技術問題:Orchard circuit 有一個 under-constrained element
簡化來說,某個本該被嚴格約束的電路元素沒有被約束完整,導致攻擊者可以把任意假的輸入塞進橢圓曲線乘法,卻仍然通過乘法檢查。
這也是為什麼它特別嚴重:不是偷某個人的幣,而是破壞整個供給完整性。對任何貨幣系統來說,「可被無限增發且外界看不出來」都是最壞等級的漏洞。
已知與未知,必須分開看
這份聲明最重要的誠實之處,是沒有把「我們覺得不太可能被利用」包裝成「我們可以證明沒有被利用」。
我們知道的事
漏洞真實存在、可被 exploit;它存在於 Orchard 啟用後的多年期間;修補已在 2026 年 6 月初部署;白帽研究者有能力在本地生成偽造 ZEC。
我們不知道的事
在修補前,是否曾有其他人獨立發現並利用它。由於 Orchard 的隱私屬性,沒有辦法只靠密碼學直接證明「完全沒有」。
Shielded Labs 為什麼認為先前被利用的機率不高?
他們的判斷不是「不可能」,而是「不太可能」。理由包括:漏洞躲過多年頂尖密碼學家審查、這次發現是刻意白帽研究的成果、且修補速度壓縮了攻擊窗口。
多年審查都沒抓到
這代表漏洞不容易被一般攻擊者偶然發現。
AI 輔助白帽搶跑
Taylor 使用最新 AI 模型與自製稽核工具,目標就是先於攻擊者找到這類漏洞。
揭露後快速修補
一旦漏洞被發現,ZODL 與生態系迅速完成緊急回應,縮短可利用時間。
這件事該怎麼理解?
目前最合理的態度是:先前利用看起來不太可能,但使用者不應只靠任何人的主觀評估。
解法方向:新 shielded pool,加上 turnstile accounting
Shielded Labs 正與其他 Zcash 開發者探索一個網路升級:部署新的隱私池,並要求所有從 Orchard pool 轉出的幣都通過 turnstile accounting,藉此證明 Orchard 內不存在偽造供給。
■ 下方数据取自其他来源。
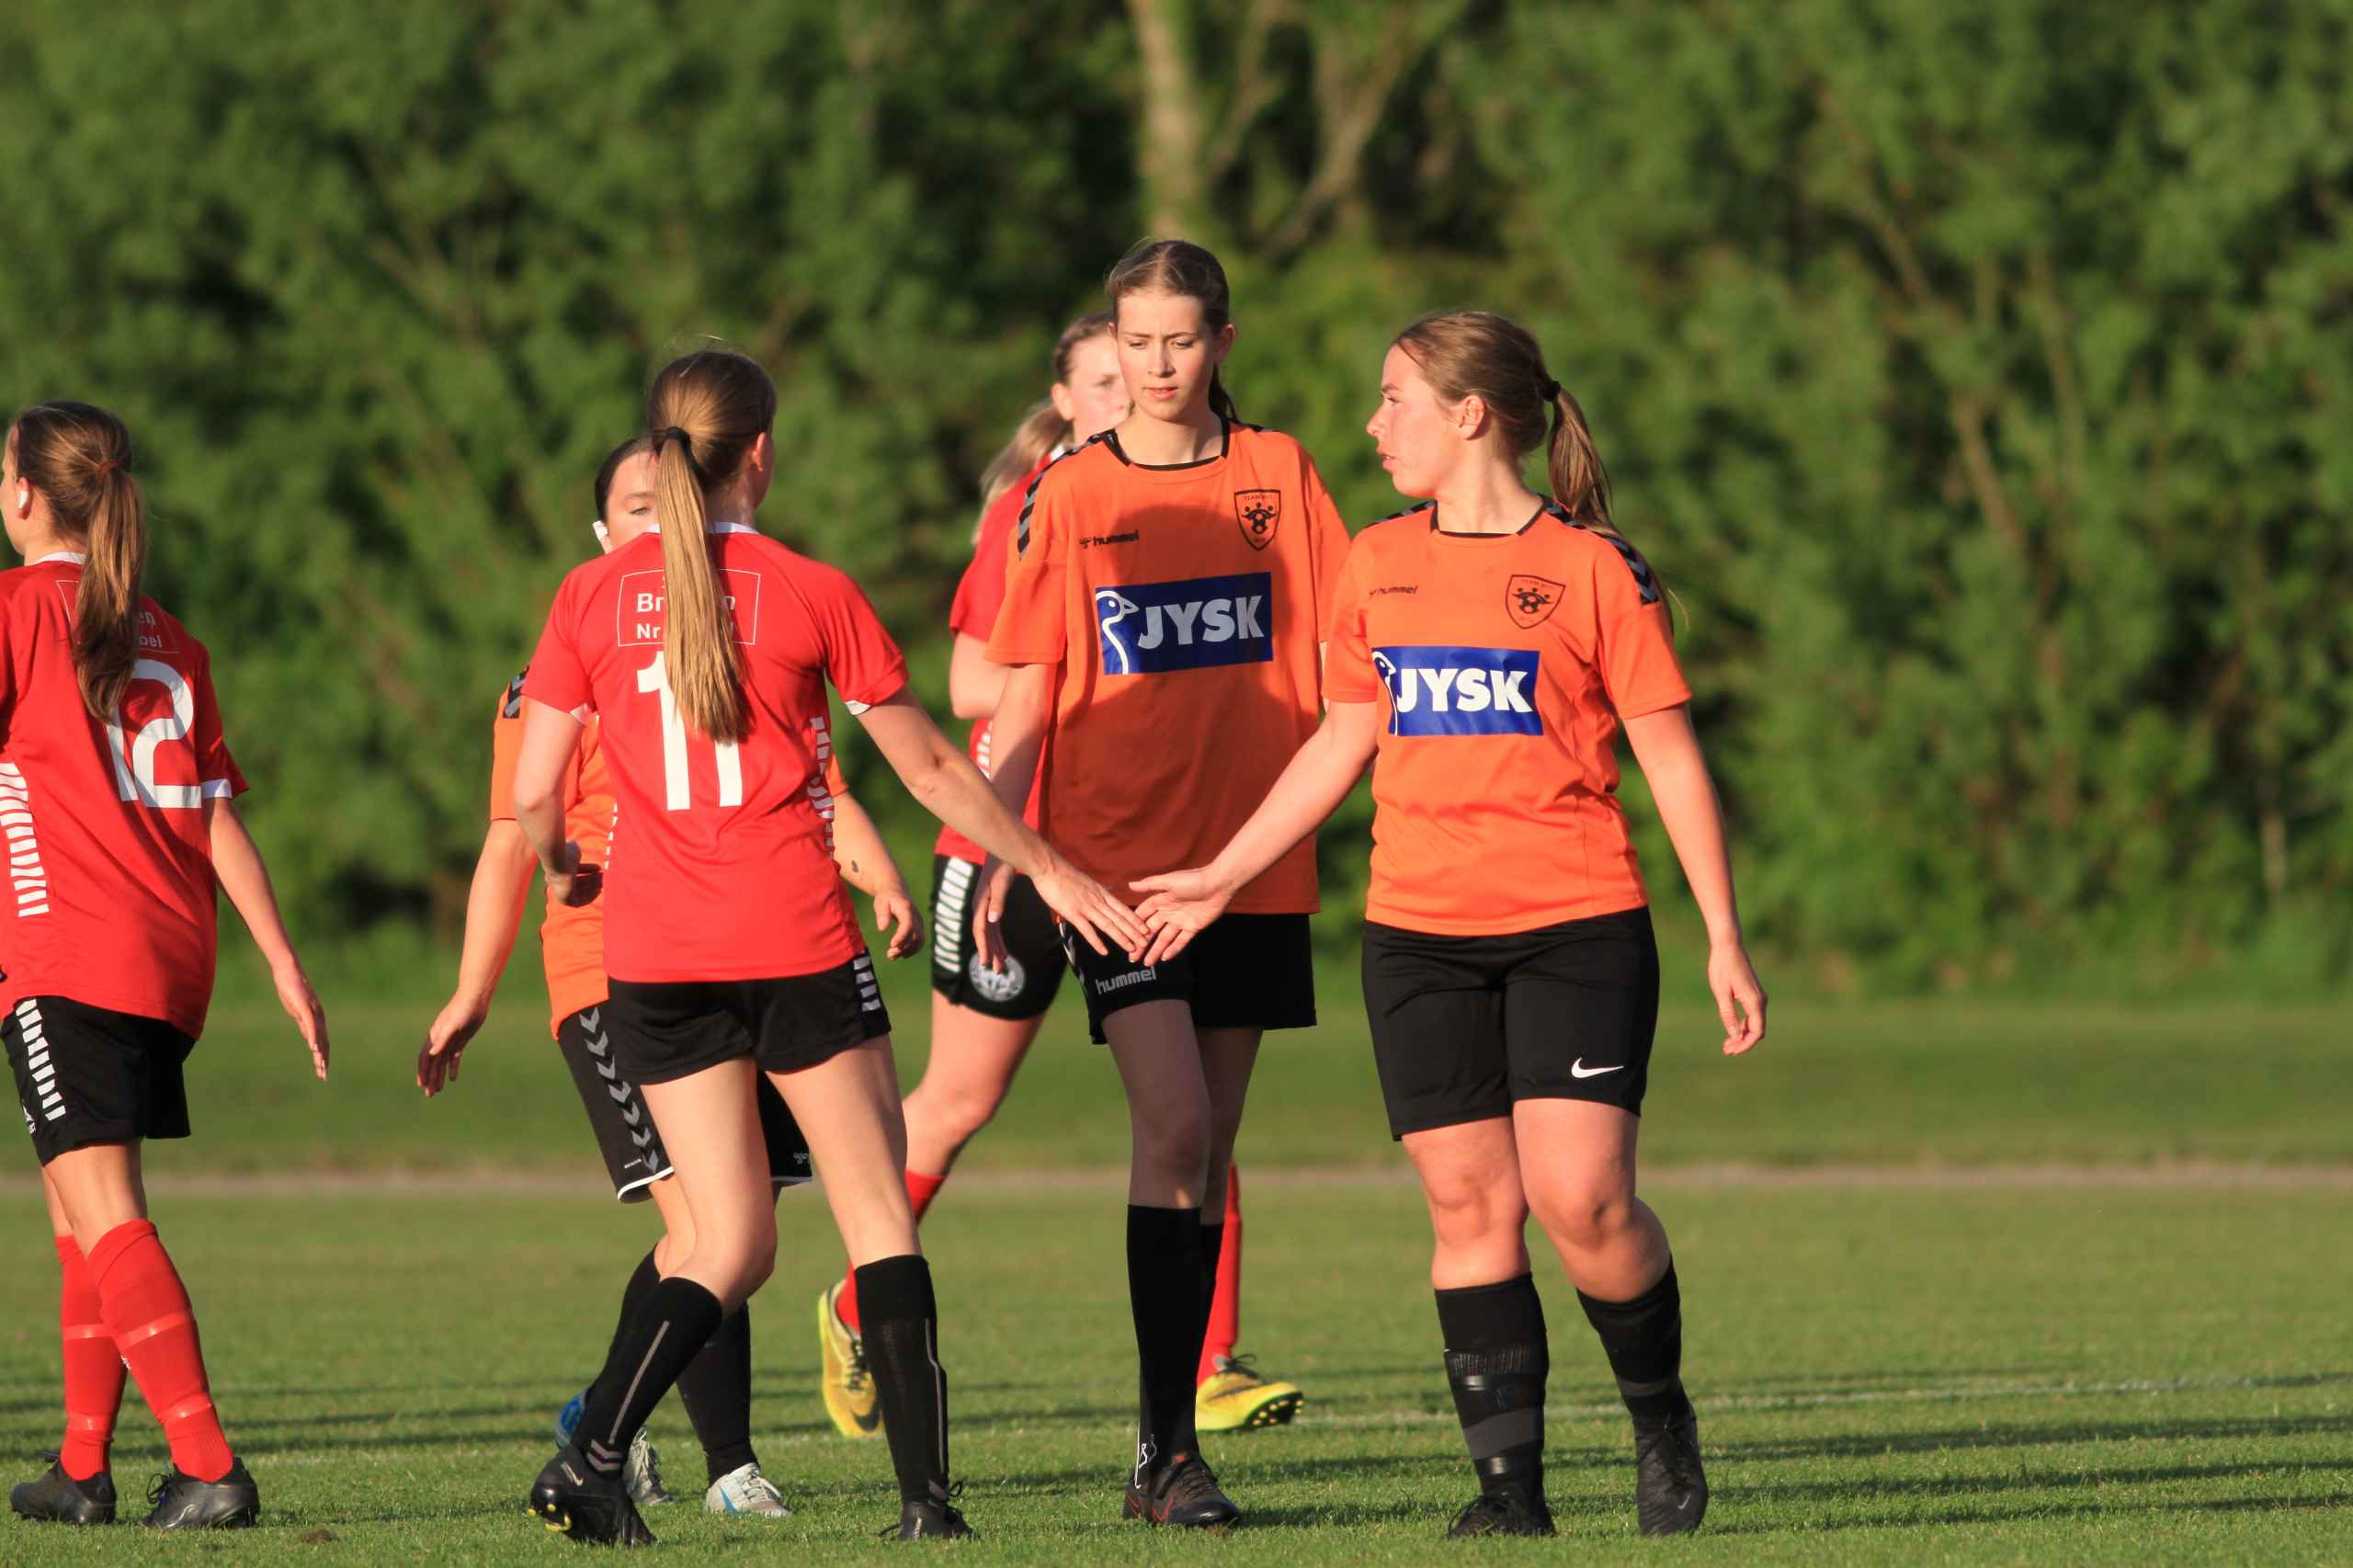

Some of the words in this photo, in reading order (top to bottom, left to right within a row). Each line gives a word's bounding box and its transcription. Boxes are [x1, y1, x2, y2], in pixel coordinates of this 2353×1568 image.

[1137, 595, 1265, 650] JYSK
[1396, 668, 1533, 713] JYSK
[1096, 965, 1156, 994] hummel
這種做法不會只是技術 patch,而是重大 network upgrade,需要 Zcash 使用者支持,也必須走標準治理流程。Shielded Labs 表示會在下一篇文章更詳細解釋設計與取捨。
這次事件也暴露出新型安全競賽:白帽 AI vs. 攻擊者 AI
Taylor 使用 Opus 4.8 輔助找到漏洞,這讓事件多了一層產業意義:AI 不只是會寫程式,也正在改變高階密碼學審計與漏洞發現速度。
加速主動安全研究
Shielded Labs 表示會繼續使用 state-of-the-art AI tools,搶在壞人之前找問題。
形式化驗證 Orchard circuit
他們將啟動 formally verify Orchard circuit 的專案,嘗試用數學證明沒有更多未發現錯誤。
補強安全團隊
Shielded Labs 正尋找 Head of Security 與 Cryptographer,擴大安全能力。
這是一場隱私幣危機,也是一場白帽 AI 稽核的示範:未來安全問題不只是誰的密碼學更好,還包括誰能更快把 AI 變成審計武器。